Excess post-exercise oxygen consumption (EPOC)

21 May 2024

Excess post-exercise oxygen consumption (EPOC), often referred to as the “afterburn effect,” is the increased rate of oxygen intake following strenuous activity. This phenomenon occurs as the body works to restore itself to its pre-exercise state, and it can be particularly pronounced after resistance training. Here’s an explanation of the mechanisms behind EPOC following resistance training:

  1. Replenishing Energy Stores: During resistance training, the body depletes its stores of adenosine triphosphate (ATP) and creatine phosphate (CP). Post-exercise, oxygen is required to help replenish these energy stores, which were used up during the workout.
  2. Removal of Lactate: Intense resistance training can lead to the production of lactate. Post-exercise, the body uses oxygen to convert lactate back to pyruvate, which can then enter the Krebs cycle for further energy production or be used to synthesize glucose in the liver through gluconeogenesis.
  3. Restoring Oxygen Levels in Blood and Muscle: After exercise, oxygen levels in the blood and muscle tissues need to be restored. Hemoglobin and myoglobin, proteins that transport and store oxygen, must be re-oxygenated, which increases oxygen consumption.
  4. Repairing Muscle Tissue: Resistance training causes micro-tears in muscle fibers.
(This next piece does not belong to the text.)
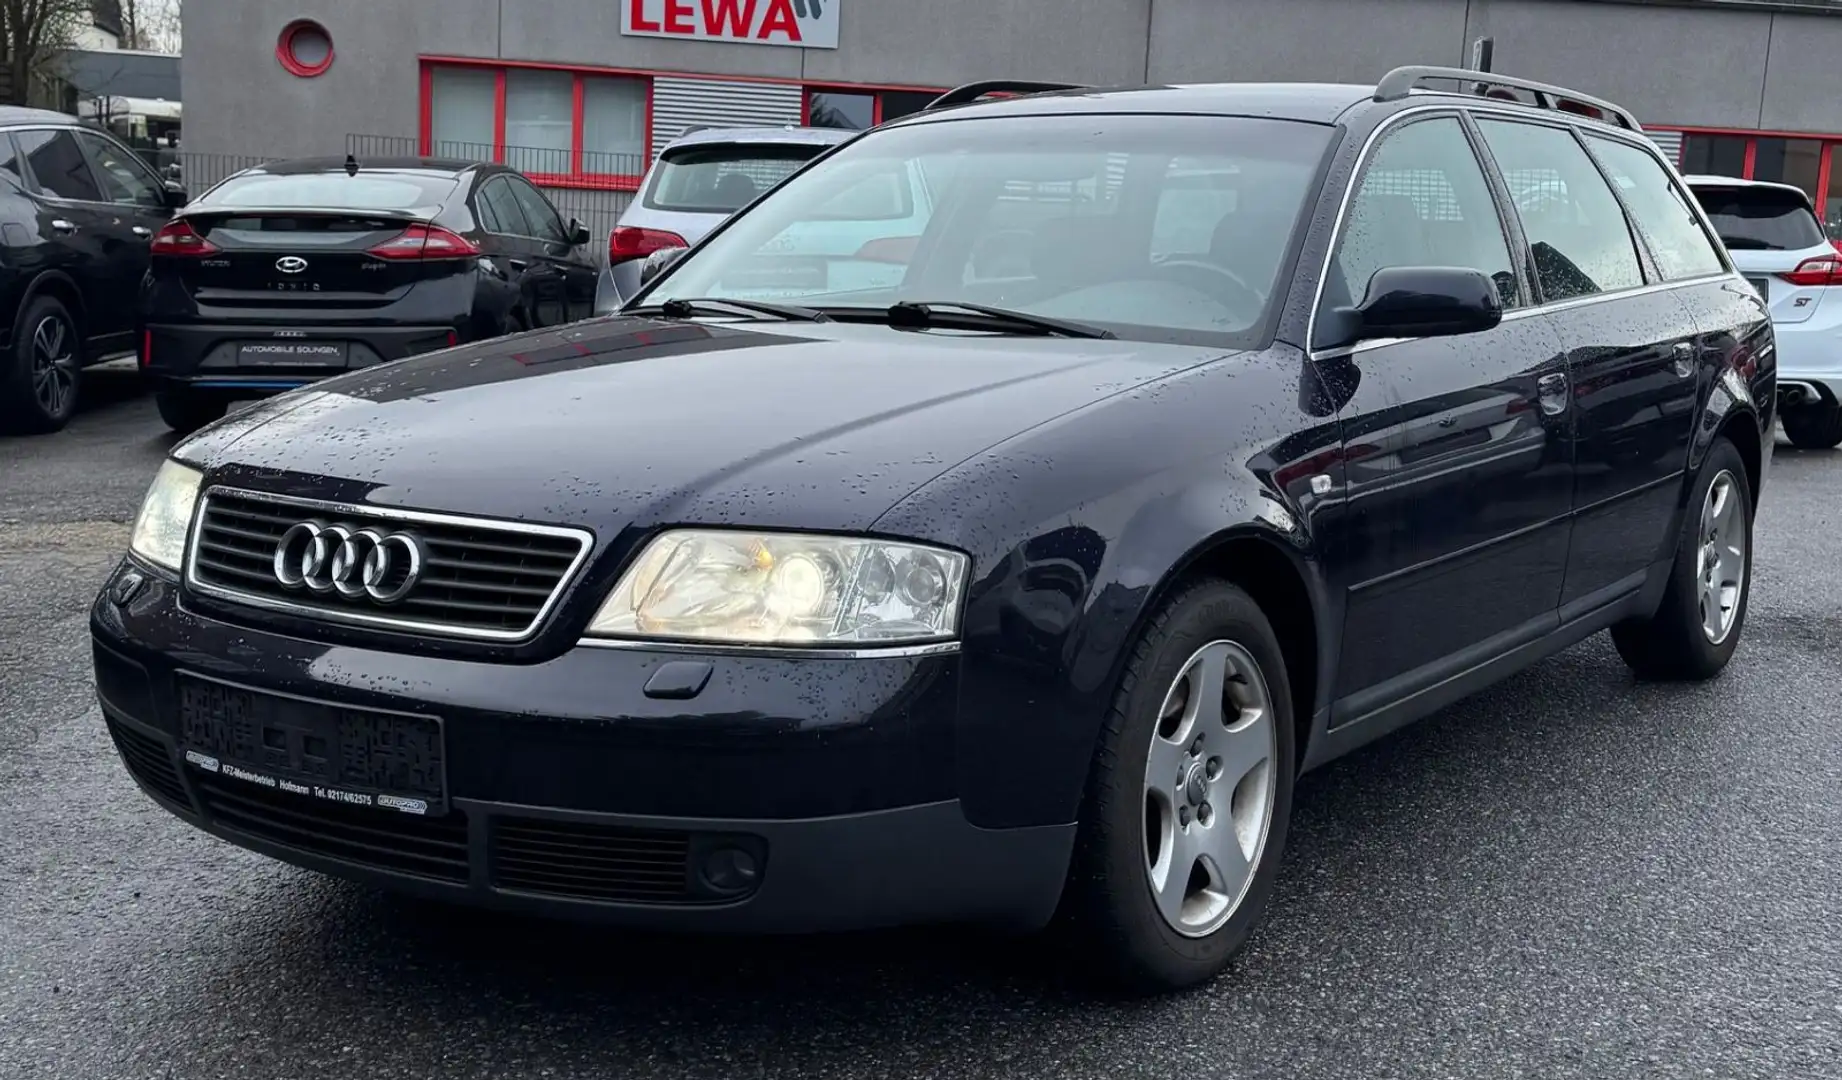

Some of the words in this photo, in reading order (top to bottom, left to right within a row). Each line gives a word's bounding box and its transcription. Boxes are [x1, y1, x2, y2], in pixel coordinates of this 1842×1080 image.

Repairing these micro-tears and building stronger muscle fibers is an energy-intensive process that requires oxygen to produce the necessary proteins.
  5. Thermogenic Effects: Exercise increases body temperature, and maintaining this elevated temperature post-exercise consumes additional oxygen. This thermogenic effect helps in dissipating the excess heat produced during the workout.
  6. Hormonal Effects: Resistance training influences hormone levels, such as increasing catecholamines (adrenaline and noradrenaline) and growth hormone, which elevate metabolism and oxygen consumption post-exercise as the body returns to its baseline state.
  7. Increased Heart and Respiratory Rate: After resistance training, heart rate and respiratory rate remain elevated for a period as the body gradually returns to resting levels. This increased activity consumes more oxygen.
  8. Enhanced Metabolic Rate: Resistance training can lead to an increase in the metabolic rate, both during and after exercise. The energy required to sustain an elevated metabolic rate involves greater oxygen consumption.

Overall, EPOC represents the body’s efforts to return to homeostasis after the physiological disturbances caused by resistance training. The extent and duration of EPOC can vary 

depending on the intensity and duration of the workout, the individual’s fitness level, and the specific resistance training protocols used.